For a person with very severe and recurrent canker sores, other treatments, such as oral cortisone, may be used, but this is rare due to the side effects.

Finally, in case of nutrient deficiency, correcting them by taking vitamin or mineral supplements can help relieve canker sores.

If an ulcer is slow to heal, the doctor may suggest a biopsy. He then removes some tissue from the ulcer for examination under a microscope. The analysis of the tissue will determine if the lesion is of the cancerous origin or not.

More tips to reduce pain

Some additional tips that can help reduce the pain caused by canker sores:

  • put an ice cube in the mouth and let it melt on the ulcer;
  • Avoid eating foods and drinks that irritate mucous membranes. This is the case of those that are acidic (coffee, citrus fruits, pineapples, tomatoes, etc.), hard (such as toast, nuts, and pretzels), or spicy;
  • gently brush the canker sores with a little milk of magnesia a few times a day;
  • Apply a thin layer of baking soda and water to the lesion.

Finally, it is recommended to rinse your mouth with one of the following solutions and then spit it out:

  • 1 tsp baking soda and 1 tsp salt dissolved in 120 ml water;
  • 1 tbsp hydrogen peroxide in 1/2 liter of water (2 cups).

These solutions reduce pain and can be used 4 times a day.


In addition to medical treatments to treat canker sores, you can also use natural methods: aloe gel, propolis, myrrh, and licorice…

Discover below these complementary approaches, which are just as effective.

Canker sores: some complementary approaches to treat them

Aloe (Aloe vera) to treat canker sores

Three studies involving a total of 154 subjects suggest that the application of aloe gel or one of its components (acemannan) can accelerate the healing of canker sores.

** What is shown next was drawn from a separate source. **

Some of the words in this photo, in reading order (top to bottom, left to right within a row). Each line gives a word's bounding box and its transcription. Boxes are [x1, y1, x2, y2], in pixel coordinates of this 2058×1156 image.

Although the methodological quality of these studies is rather low, aloe gel has long been used to treat mild injuries, lesions, and inflammations of the skin because of its emollient properties.

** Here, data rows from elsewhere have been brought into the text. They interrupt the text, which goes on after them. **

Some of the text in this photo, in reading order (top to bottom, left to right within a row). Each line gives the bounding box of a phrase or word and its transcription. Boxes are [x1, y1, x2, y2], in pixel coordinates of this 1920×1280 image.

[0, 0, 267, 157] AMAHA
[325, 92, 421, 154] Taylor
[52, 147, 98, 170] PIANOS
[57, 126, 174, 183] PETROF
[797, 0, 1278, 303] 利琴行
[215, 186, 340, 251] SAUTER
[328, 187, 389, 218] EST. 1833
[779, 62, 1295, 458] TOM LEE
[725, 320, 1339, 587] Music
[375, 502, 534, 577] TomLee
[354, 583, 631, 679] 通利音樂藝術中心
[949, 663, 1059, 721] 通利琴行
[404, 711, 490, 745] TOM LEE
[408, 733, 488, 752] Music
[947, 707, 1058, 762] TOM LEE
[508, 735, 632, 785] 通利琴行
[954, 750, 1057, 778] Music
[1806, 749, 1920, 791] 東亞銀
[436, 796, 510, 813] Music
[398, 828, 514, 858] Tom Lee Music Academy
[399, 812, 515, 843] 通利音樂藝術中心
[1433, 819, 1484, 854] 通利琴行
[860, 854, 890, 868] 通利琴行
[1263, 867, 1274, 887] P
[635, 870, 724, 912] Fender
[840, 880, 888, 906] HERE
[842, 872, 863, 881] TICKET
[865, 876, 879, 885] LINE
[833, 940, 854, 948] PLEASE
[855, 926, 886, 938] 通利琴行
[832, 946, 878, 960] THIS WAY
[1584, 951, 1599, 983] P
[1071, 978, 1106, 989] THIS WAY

Propolis against aphthous stomatitis

Propolis in internal use may reduce the recurrence of canker sores in people who suffer from it recurrently.

In addition, rare clinical trials indicate that propolis, in topical use, promotes the healing process of wounds and infections of the oral mucosa (gingivitis, periodontitis, abscesses, wounds, fungi).

Myrrh (Commiphora molmol)

Commission E and ESCOP recognize the effectiveness of myrrh in the treatment of inflammation of the mucous membranes of the mouth.

In India, it is part of the traditional remedies (Ayurvedic medicine) aimed at relieving mouth ulcers and gingivitis.


  • a few drops of undiluted myrrh tincture (1:5, 90% ethanol), applied to the affected parts with a cotton swab, 2 or 3 times a day;
  • 10 to 15 drops of myrrh tincture (1:5, 90% ethanol) diluted in about 30 ml of warm water, to be used as a gargle or mouthwash.

Licorice (Glycyrrhiza glabra)

Licorice has therapeutic and soothing properties that help speed up the healing of canker sores.

In the scientific literature, there are a few studies that support this traditional use, but they have been conducted with a small number of subjects and their methodological quality leaves much to be desired.

Use: Allow licorice glycyrrhizin-DGL extract tablets (containing 380 mg DGL, 4:1) to melt in the mouth.

Caution: Licorice root contains glycyrrhizin, a substance that can cause symptoms of mineralocorticoid poisoning (headache, lethargy, hypertension, water, and sodium retention, potassium hypersecretion, and sometimes even cardiac arrest).

In the case of a treatment that lasts more than 4 to 6 consecutive weeks, it is important to use deglycyrrhizated licorice (from which glycyrrhizin has been extracted).

Mind-body approaches

Mind-body approaches include a host of techniques and therapies that focus on the interactions between thoughts, emotions, psyche, and physical body.

In the case of canker sores, We recommend using this type of approach to reduce the level of stress when it is a trigger for symptoms. particularly suggests hypnotherapy and visualization.